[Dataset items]

____

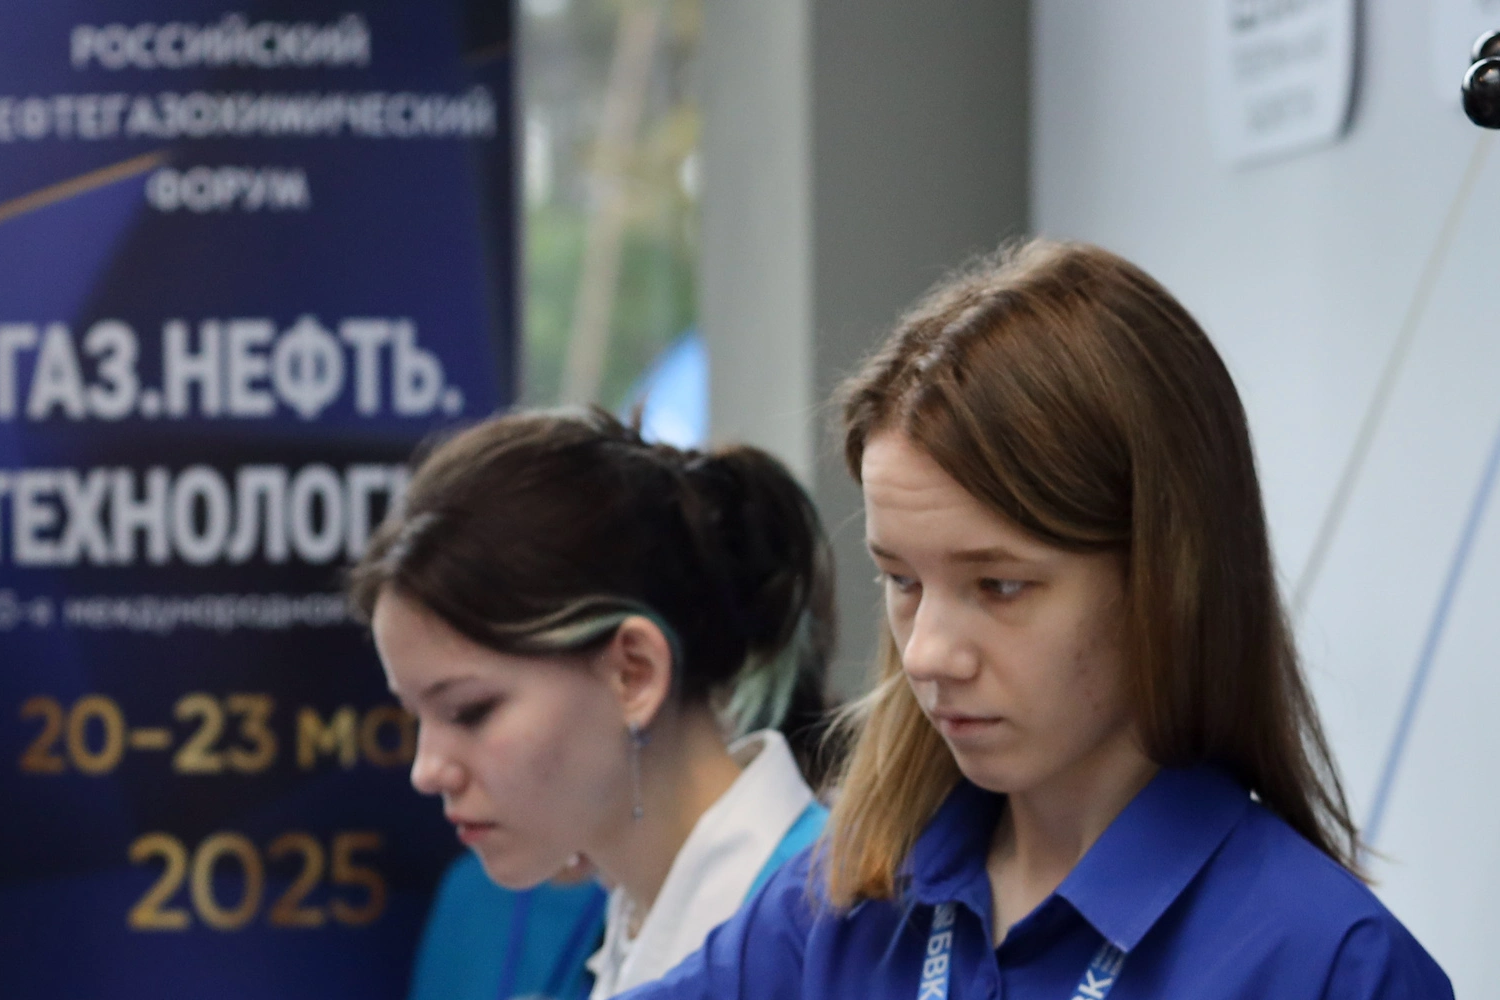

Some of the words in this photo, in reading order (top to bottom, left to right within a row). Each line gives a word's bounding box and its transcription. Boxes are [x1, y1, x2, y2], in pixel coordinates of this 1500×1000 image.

[72, 12, 369, 69] РОССИЙСКИЙ
[147, 166, 311, 211] ФОРУМ
[127, 833, 387, 930] 2025
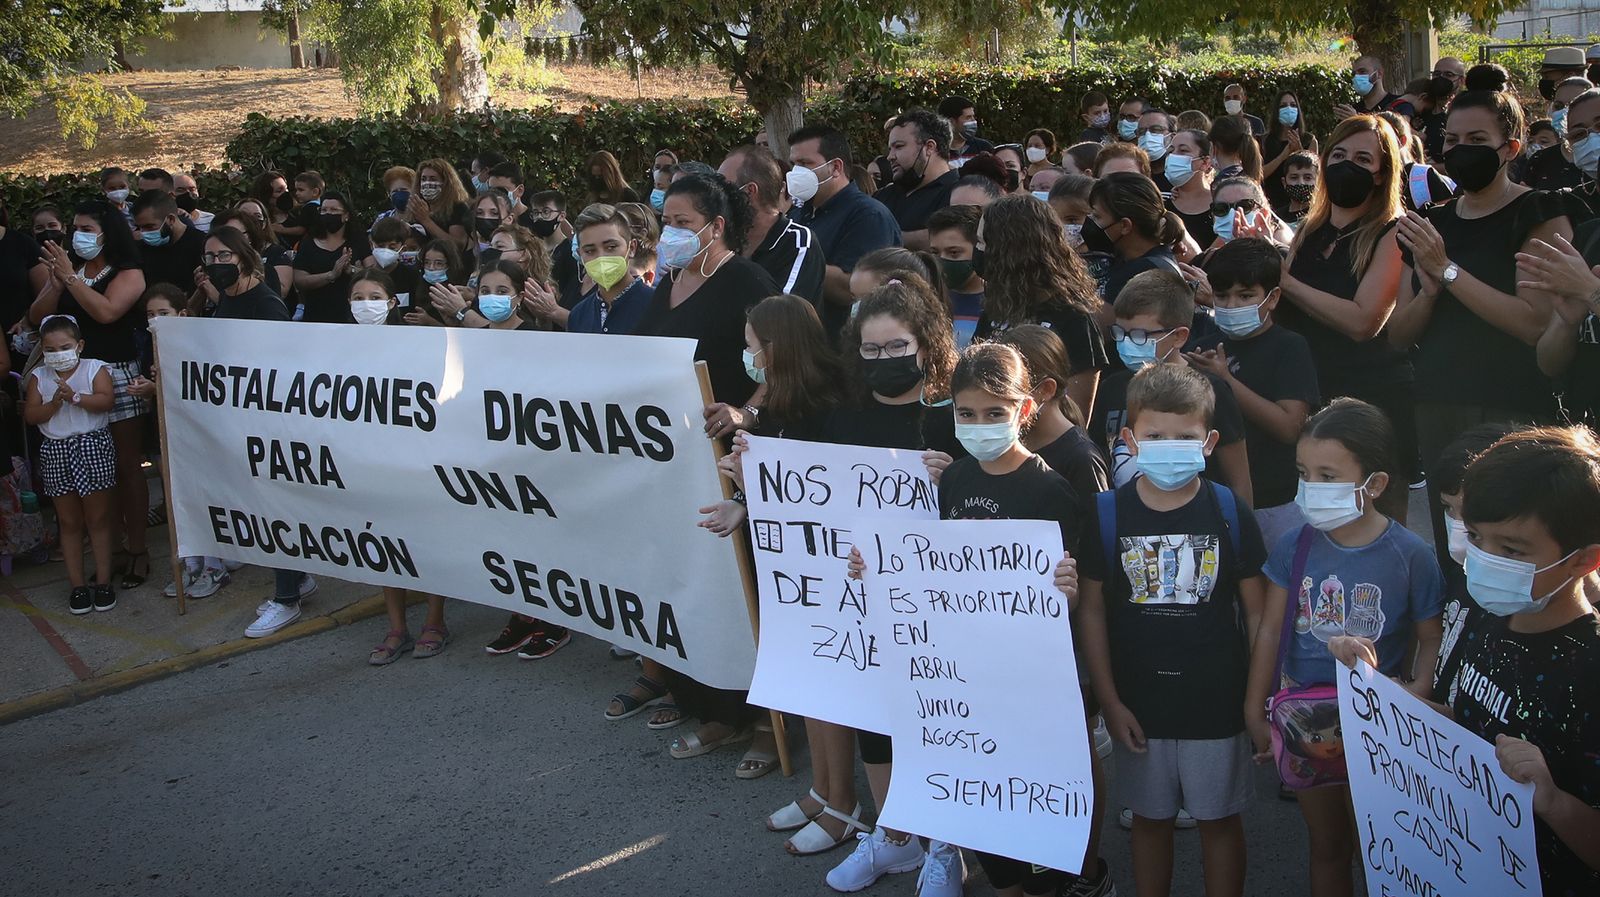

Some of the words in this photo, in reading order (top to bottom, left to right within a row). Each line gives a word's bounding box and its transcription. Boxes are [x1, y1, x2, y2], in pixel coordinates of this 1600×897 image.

[181, 360, 437, 433] INSTALACIONES
[483, 389, 675, 463] DIGNAS
[246, 435, 346, 490] PARA
[433, 464, 558, 519] UNA
[758, 460, 832, 506] NOS
[850, 463, 939, 513] ROBAN
[964, 496, 1000, 513] MAKES
[786, 521, 854, 560] TIE
[902, 533, 1050, 576] PRIORITARIO
[207, 505, 420, 579] EDUCACIÓN
[482, 550, 689, 661] SEGURA
[772, 570, 823, 607] DE
[889, 587, 918, 614] ES
[923, 585, 1061, 618] PRIORITARIO
[910, 656, 967, 684] ABRIL
[916, 690, 970, 719] JUNIO
[922, 726, 997, 755] AGOSTO
[1349, 669, 1388, 736] SR
[1389, 702, 1521, 829] DELEGADO
[1361, 731, 1482, 853] PROVINCIAL
[1497, 835, 1527, 890] DE
[1393, 810, 1467, 884] CADIZ
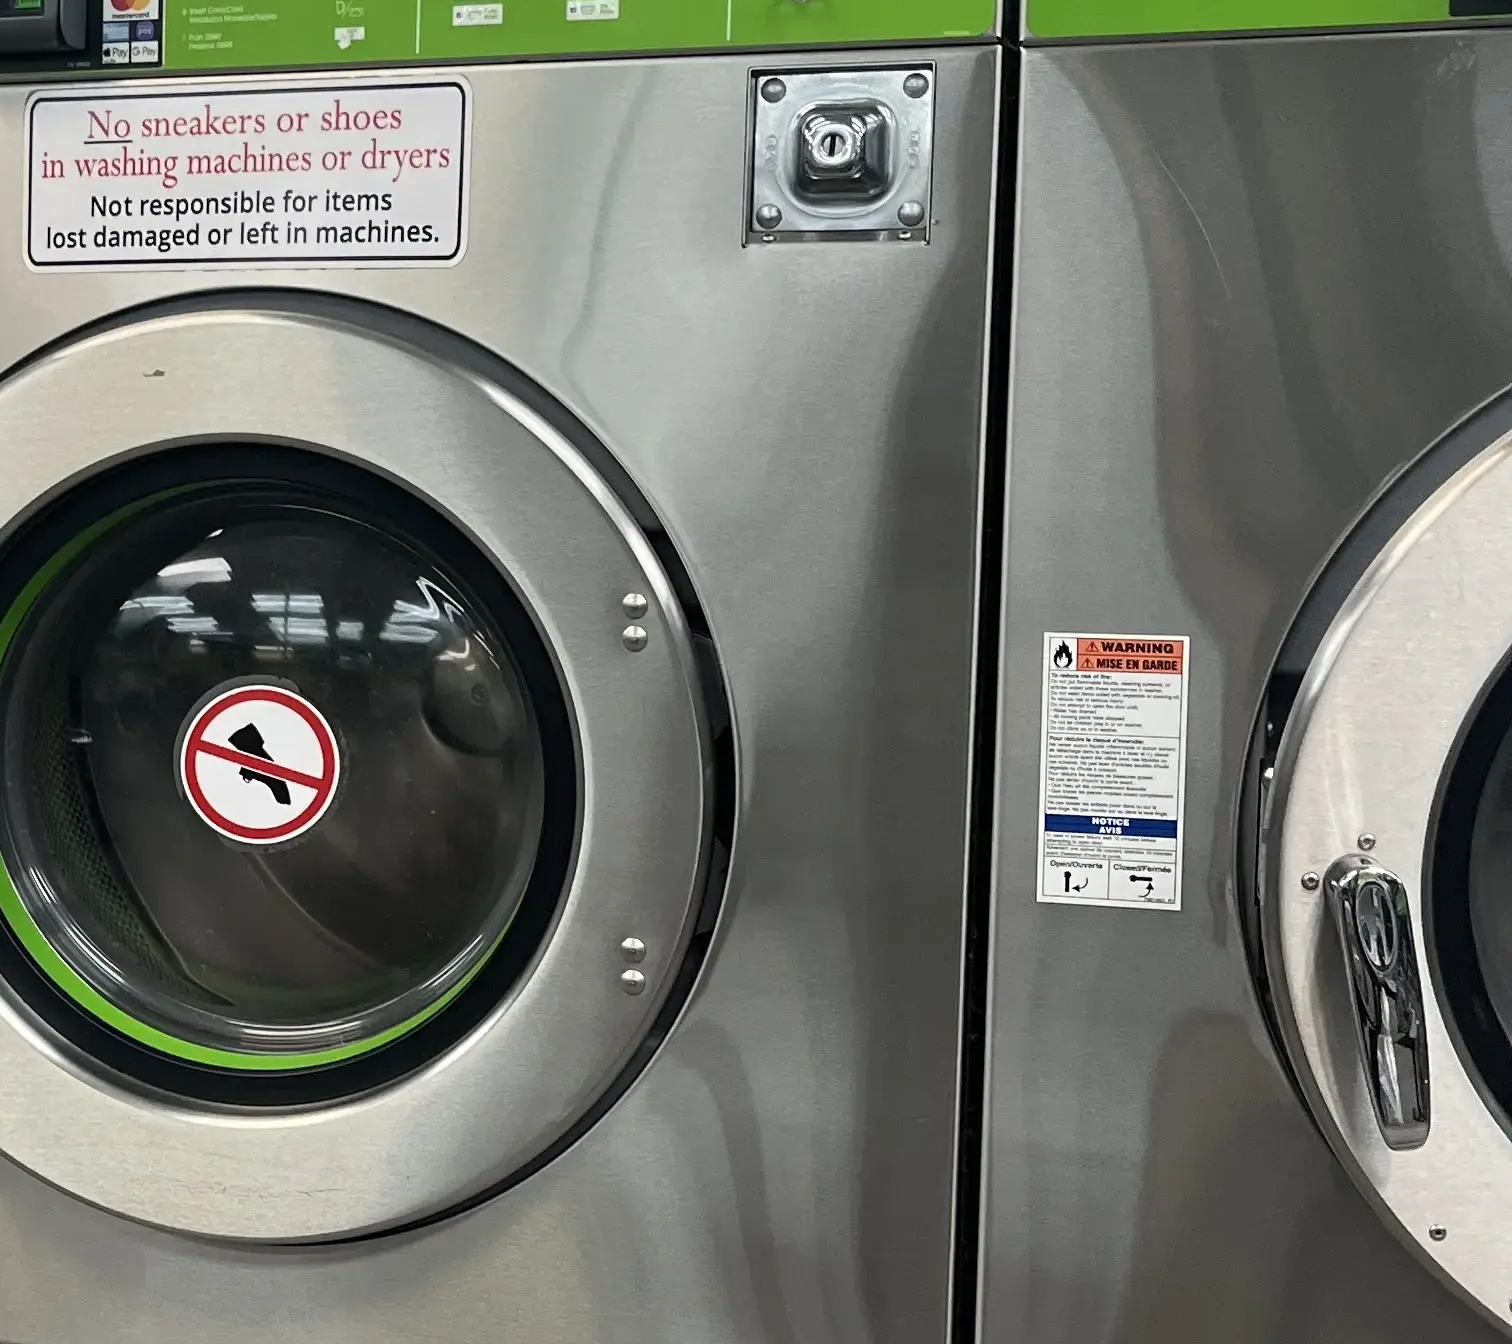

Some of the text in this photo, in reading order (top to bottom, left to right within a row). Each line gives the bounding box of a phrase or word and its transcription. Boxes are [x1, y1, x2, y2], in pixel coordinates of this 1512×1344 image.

____

**INSTRUCTIONS FOR THE TASK:** Set down every entry above again exactly, dropping each picture.

**SOLUTION:**
Some of the words in this photo, in reading order (top to bottom, left to right within a row). Each line gives a word's bounding box and its transcription. Boxes are [x1, y1, x2, y2], in pixel coordinates of this 1500×1000 image.

[72, 12, 369, 69] РОССИЙСКИЙ
[147, 166, 311, 211] ФОРУМ
[127, 833, 387, 930] 2025

Some of the words in this photo, in reading order (top to bottom, left to right within a row). Each line gives a word's bounding box and its transcription. Boxes are [x1, y1, x2, y2], in pixel coordinates of this 1600×897 image.

[181, 360, 437, 433] INSTALACIONES
[483, 389, 675, 463] DIGNAS
[246, 435, 346, 490] PARA
[433, 464, 558, 519] UNA
[758, 460, 832, 506] NOS
[850, 463, 939, 513] ROBAN
[964, 496, 1000, 513] MAKES
[786, 521, 854, 560] TIE
[902, 533, 1050, 576] PRIORITARIO
[207, 505, 420, 579] EDUCACIÓN
[482, 550, 689, 661] SEGURA
[772, 570, 823, 607] DE
[889, 587, 918, 614] ES
[923, 585, 1061, 618] PRIORITARIO
[910, 656, 967, 684] ABRIL
[916, 690, 970, 719] JUNIO
[922, 726, 997, 755] AGOSTO
[1349, 669, 1388, 736] SR
[1389, 702, 1521, 829] DELEGADO
[1361, 731, 1482, 853] PROVINCIAL
[1497, 835, 1527, 890] DE
[1393, 810, 1467, 884] CADIZ

Some of the text in this photo, in reading order (top to bottom, left to right within a row). Each line gives the bounding box of a phrase or word and its transcription. Boxes are [x1, y1, x2, y2], in pixel coordinates of this 1512×1344 image.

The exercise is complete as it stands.